Phrase grounding data:
►
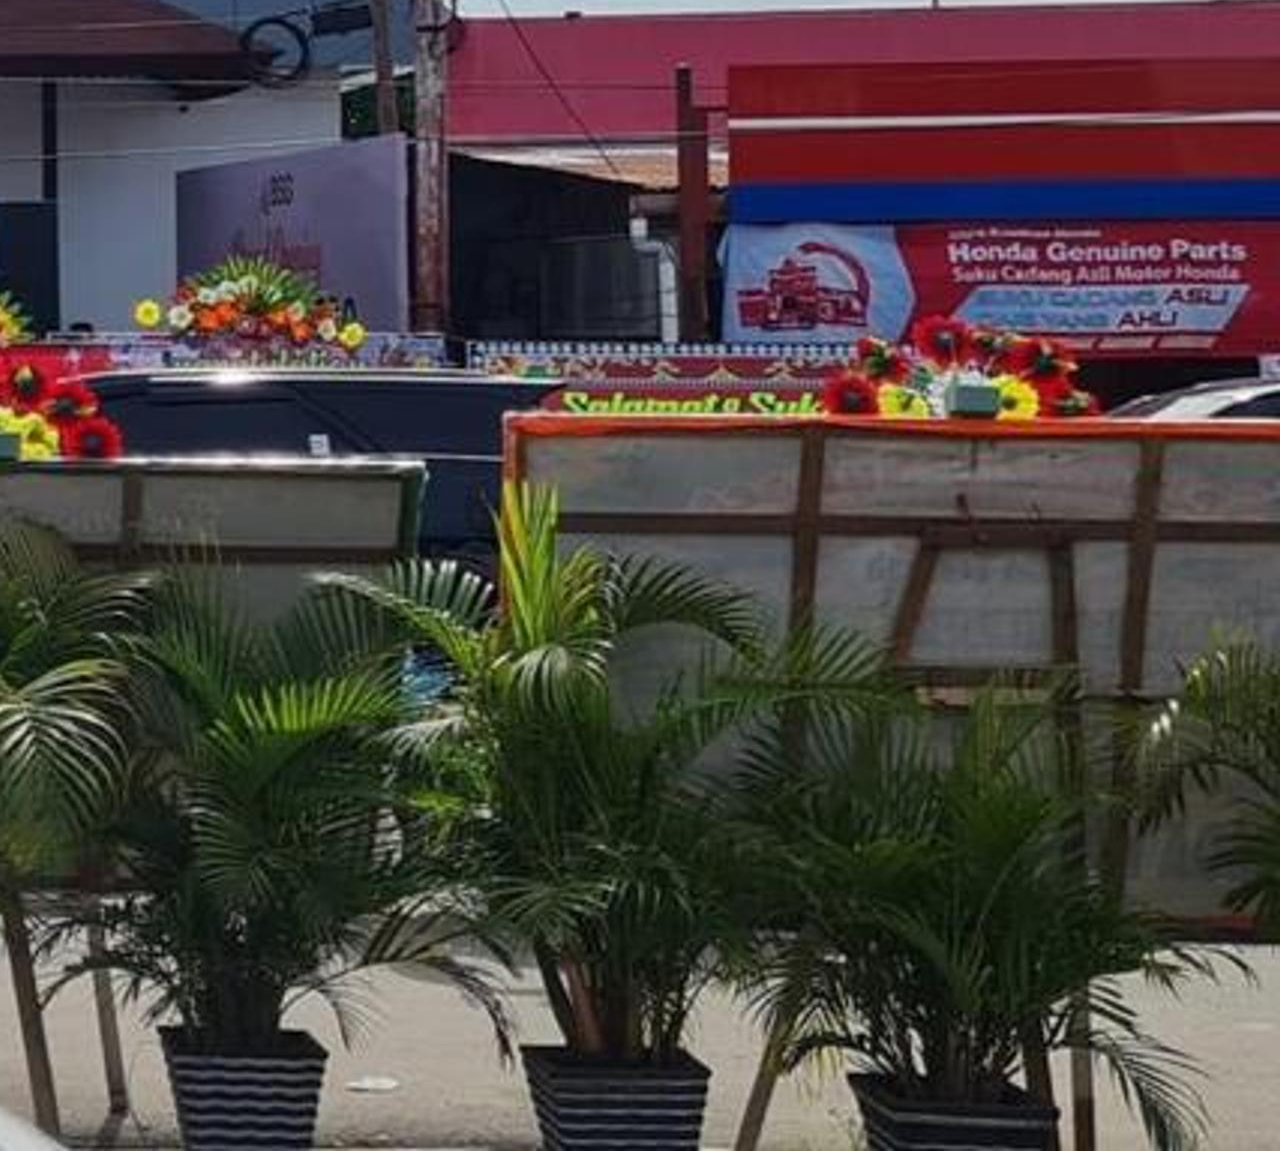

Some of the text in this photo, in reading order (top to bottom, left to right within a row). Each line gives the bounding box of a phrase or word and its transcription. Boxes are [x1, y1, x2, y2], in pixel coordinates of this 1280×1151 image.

[947, 237, 1246, 263] Honda Genuine Parts
[1115, 265, 1171, 281] Motor
[1176, 264, 1239, 280] Honda
[1117, 311, 1179, 328] AHLI
[749, 391, 822, 414] Suk
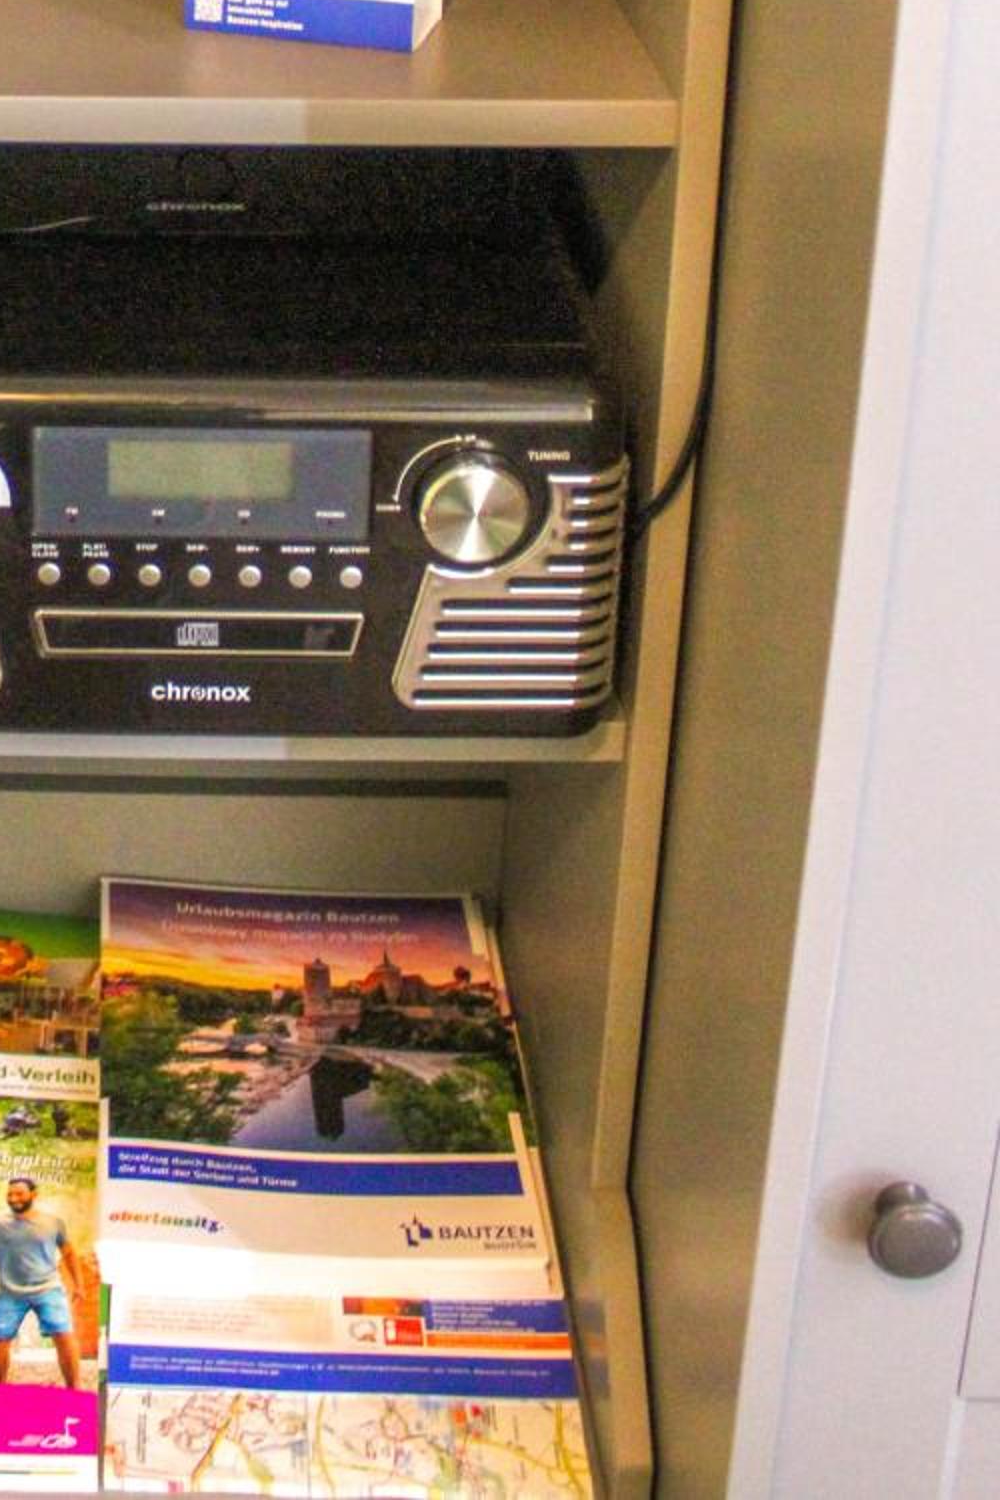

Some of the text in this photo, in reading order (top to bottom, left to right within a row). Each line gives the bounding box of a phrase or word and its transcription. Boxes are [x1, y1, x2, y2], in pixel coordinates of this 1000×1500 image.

[527, 450, 571, 462] TUNING
[135, 543, 159, 552] STOP
[329, 545, 371, 555] FUNCTION
[151, 681, 251, 703] chronox
[175, 900, 400, 925] Urlaubsmagazin Bautzen
[171, 1156, 204, 1169] durch
[117, 1164, 137, 1174] die
[138, 1164, 170, 1176] Stadt
[171, 1168, 191, 1178] der
[236, 1174, 260, 1186] und
[261, 1175, 299, 1188] Türme
[437, 1224, 535, 1241] BAUTZEN
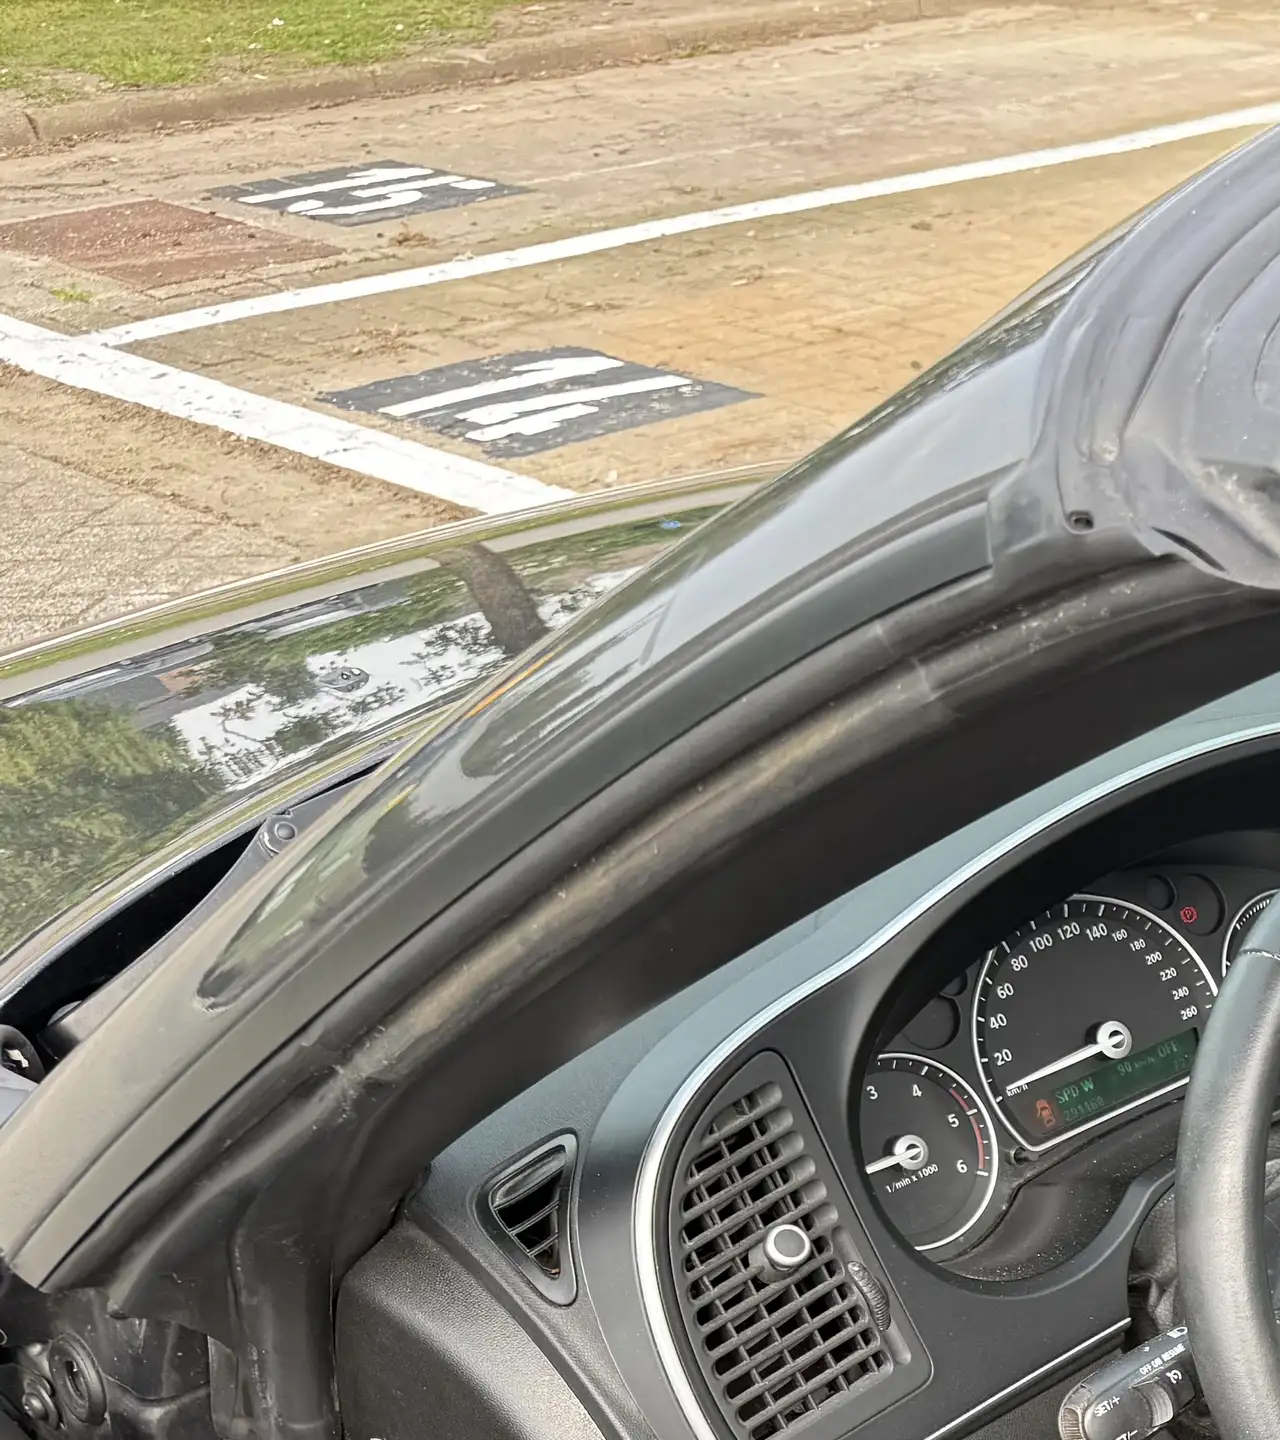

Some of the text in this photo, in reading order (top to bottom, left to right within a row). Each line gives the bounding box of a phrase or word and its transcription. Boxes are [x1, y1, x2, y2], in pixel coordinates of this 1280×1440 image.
◄
== ACTIVITY ==
Please repeat all of the data exactly as it stands, leaving the pictures out.

== SOLUTION TO THIS PROBLEM ==
Some of the text in this photo, in reading order (top to bottom, left to right within a row). Each line gives the bounding box of a phrase or word and its transcription. Boxes are [x1, y1, x2, y2], in pixel coordinates of this 1280×1151 image.

[947, 237, 1246, 263] Honda Genuine Parts
[1115, 265, 1171, 281] Motor
[1176, 264, 1239, 280] Honda
[1117, 311, 1179, 328] AHLI
[749, 391, 822, 414] Suk

Some of the text in this photo, in reading order (top to bottom, left to right within a row). Each line gives the bounding box of a phrase or word and its transcription. Boxes are [x1, y1, x2, y2], in pixel coordinates of this 1000×1500 image.

[527, 450, 571, 462] TUNING
[135, 543, 159, 552] STOP
[329, 545, 371, 555] FUNCTION
[151, 681, 251, 703] chronox
[175, 900, 400, 925] Urlaubsmagazin Bautzen
[171, 1156, 204, 1169] durch
[117, 1164, 137, 1174] die
[138, 1164, 170, 1176] Stadt
[171, 1168, 191, 1178] der
[236, 1174, 260, 1186] und
[261, 1175, 299, 1188] Türme
[437, 1224, 535, 1241] BAUTZEN

Some of the text in this photo, in reading order (top to bottom, left to right within a row). Each line gives the bounding box of a phrase or word and its transcription. Boxes are [x1, y1, x2, y2], in pixel coordinates of this 1280×1440 image.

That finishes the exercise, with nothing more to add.